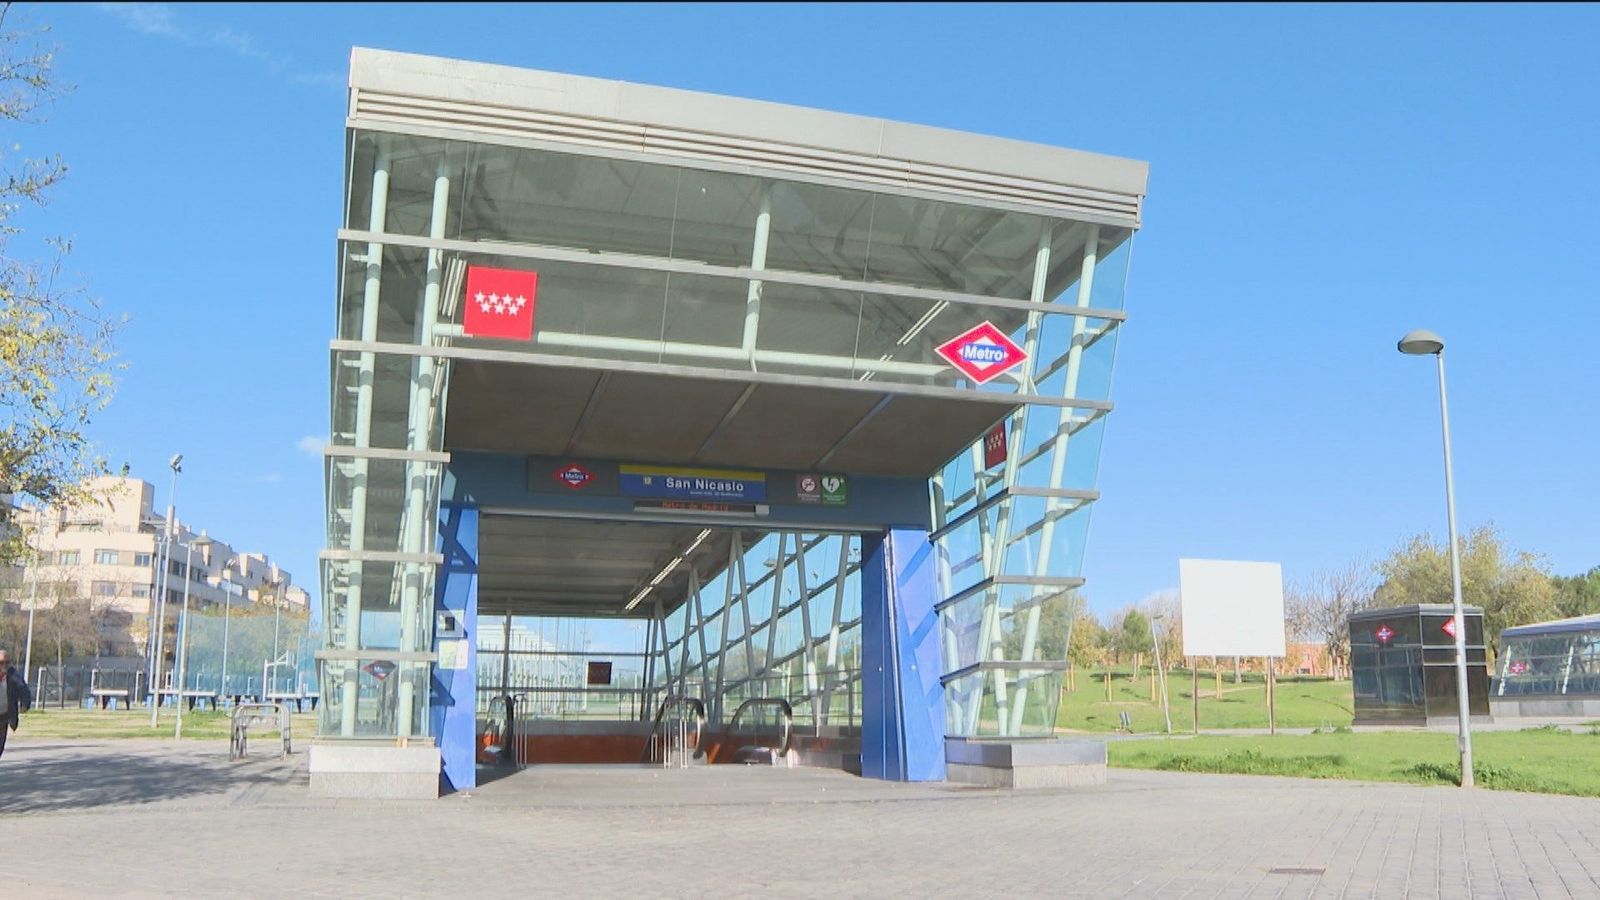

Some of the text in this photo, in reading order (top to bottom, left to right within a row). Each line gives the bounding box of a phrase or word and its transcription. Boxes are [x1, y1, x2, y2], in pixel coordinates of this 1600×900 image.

[964, 344, 1004, 361] Metro
[564, 471, 584, 480] Metro
[666, 477, 691, 489] San
[695, 478, 744, 492] Nicasio

### Exercise
Could the entries above be restated word for word, with the pictures left out?

### Solution for this exercise
Some of the text in this photo, in reading order (top to bottom, left to right within a row). Each line gives the bounding box of a phrase or word and its transcription. Boxes are [x1, y1, x2, y2], in pixel coordinates of this 1600×900 image.

[964, 344, 1004, 361] Metro
[564, 471, 584, 480] Metro
[666, 477, 691, 489] San
[695, 478, 744, 492] Nicasio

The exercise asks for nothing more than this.